60 yıldan bu yana balcılık mesleğini yaptığını belirten Cuma Karahan,“Arıcılık kolay bir meslek değil. Arı çok nazik, çok zarif bir hayvandır. Arı 3 ile 6 kilometre arasında gider fazla gidemez. Bal 5 ayda oğul verir. Oğuldan sonra 7 ayda arı bal yapmaya başlar. Bu mesleğe yıllarımı verdim. Balın petek çeşidi fenni baldır. Bir de kara kovan balı vardır. Onu da yüzde yüz arı yapar.Fenni balın peteği hazırdır. Kara kovan balı yüzde yüz kendi balı olduğu için zahmet görür.1980 yılından beri balcılık yapıyorum. Dışarı gittim ancak buraya gelince balcılık mesleğine devam ettim” dedi.

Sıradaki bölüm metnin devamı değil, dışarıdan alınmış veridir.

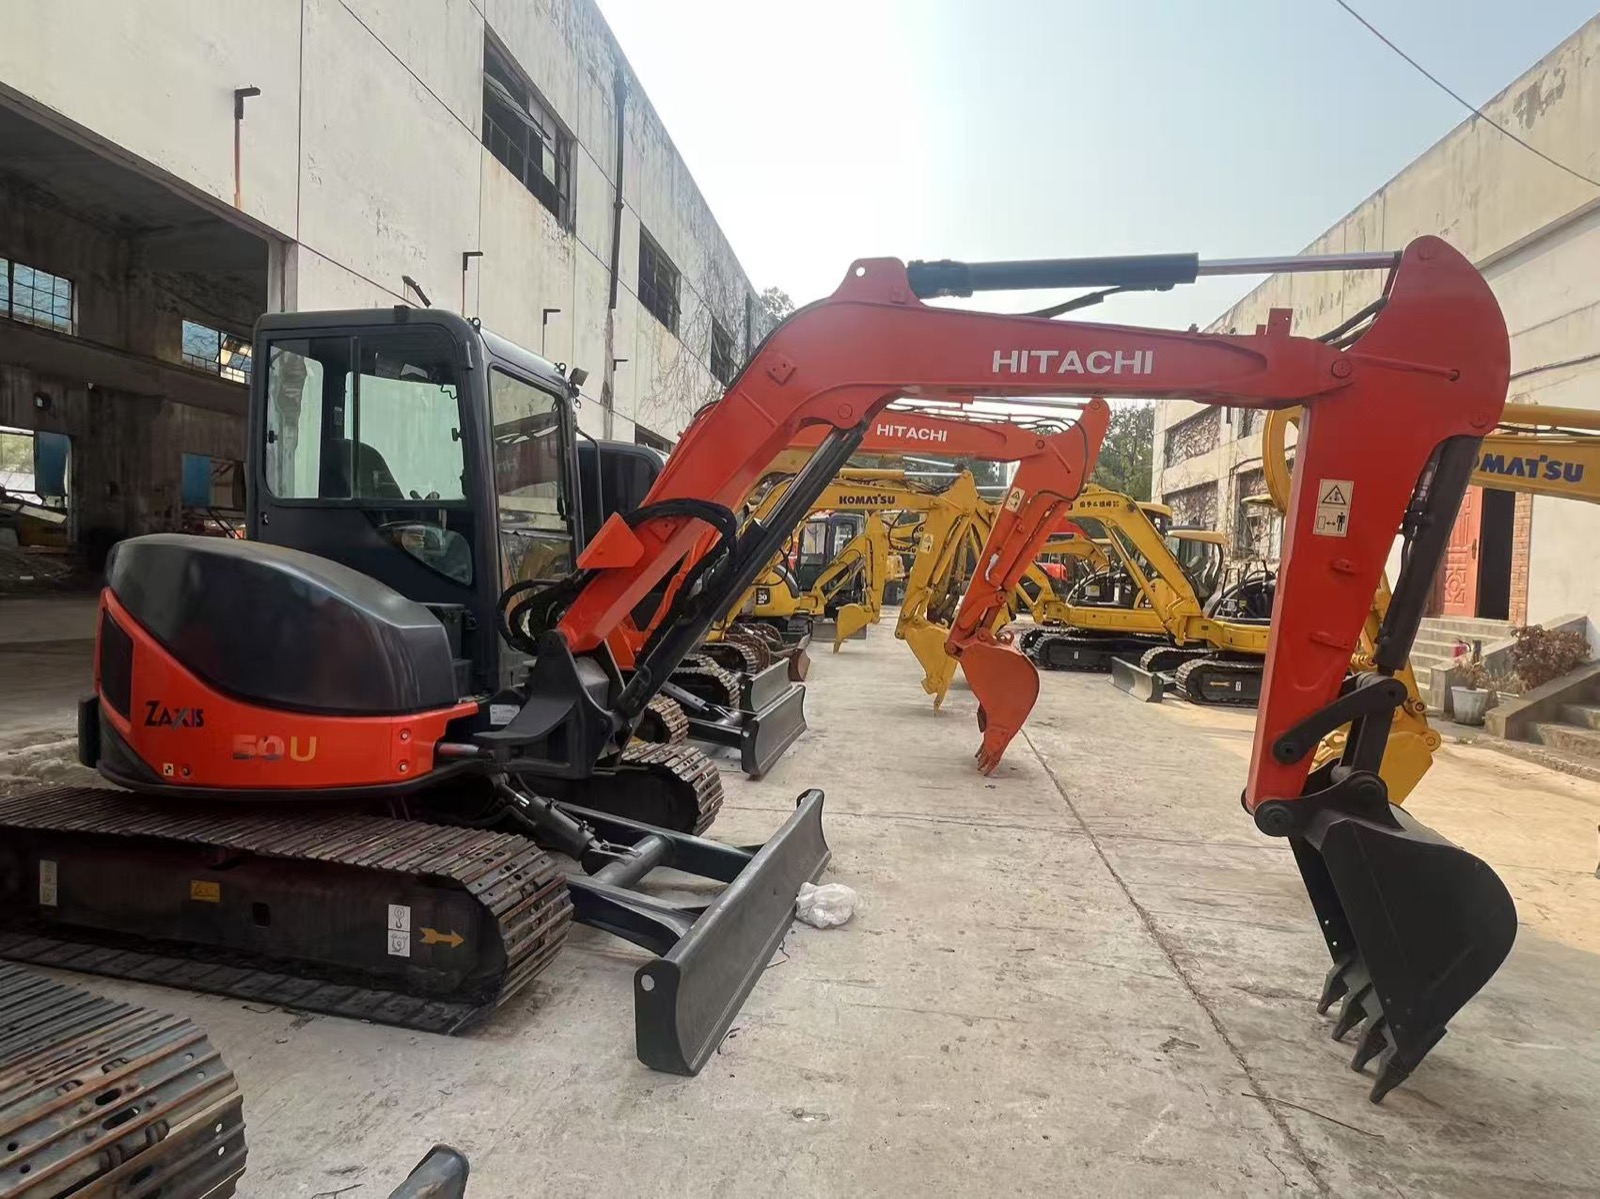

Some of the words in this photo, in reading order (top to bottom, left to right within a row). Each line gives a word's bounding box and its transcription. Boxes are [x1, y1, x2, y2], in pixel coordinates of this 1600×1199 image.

Balın siroz hastalığının tedavisinde önem arz ettiğini aktaran Karahan, “Bal mide ve bağırsak gazlarını gidererek kanı çoğaltır. Balın faydalarından birisi ise; idrarı söktürüp öksürüğü kesmesidir. Bal vücudu güçlendirerek vücutta oluşan rutubeti dışarı atıyor. Damarları genişleterek kalbi güçlendiren bal, mide ve bağırsaktaki artık maddeleri dışarı atar. Bal, felç ve yüz felcini önlüyor. Zehirlenmelere karşı mukavemet gösteren bal, mideye ferahlık verir. Bal çörek otu ile beraber yenildiğinde sırt ağrılarını önlüyor. Bal limonla içildiği zaman nezlenin geçmesini sağlıyor. Antibakteriyel özelliğinden dolayı içinde, bakteri ve mantar oluşturmayan bal, birçok gıda içerisinde bozulmadan saklanan bir özelliği sahip” diye konuştu.

Balın birkaç dakika içerisinde ağrıları dindirdiğini kaydeden Karahan, “Bal, süt ile karıştırılıp içilirse ağrıları kesiyor. Gözün görme gücünü de arttırıyor. Romatizmalı hastalarda kullanıldığı zaman hastanın kısa sürede iyileşmesini sağlıyor. Bal içerdiği enzimler sayesinde de şişmanlığı önler” ifadelerini kullandı.

Bal Nedir

Bal, arılar tarafından çiçeklerden ve meyve tomurcuklarından alınarak yutulan nektarın arıların bal midesi denilen organlarında invertaz enzimi sayesinde kimyasal değişime uğramasıyla oluşan ve kovandaki petek hücrelerine yerleştirilen çok faydalı bir besindir. Nektar bala çevrilirken arılar sağladıkları invertaz enzimi sayesinde sakkarozu inversiyona uğratarak fruktoz ve glikoz şeklinde basit şekerlere dönüştürür ve fermantasyonun meydana gelmesini önleyecek miktarda suyunu uçururlar. Kovandaki hücrelere yerleştirilen ve üzeri mumdan bir kapakla örtülen bal arılarca sağlanan özel havalandırma sistemi sayesinde bildiğimiz tat ve kıvama gelir.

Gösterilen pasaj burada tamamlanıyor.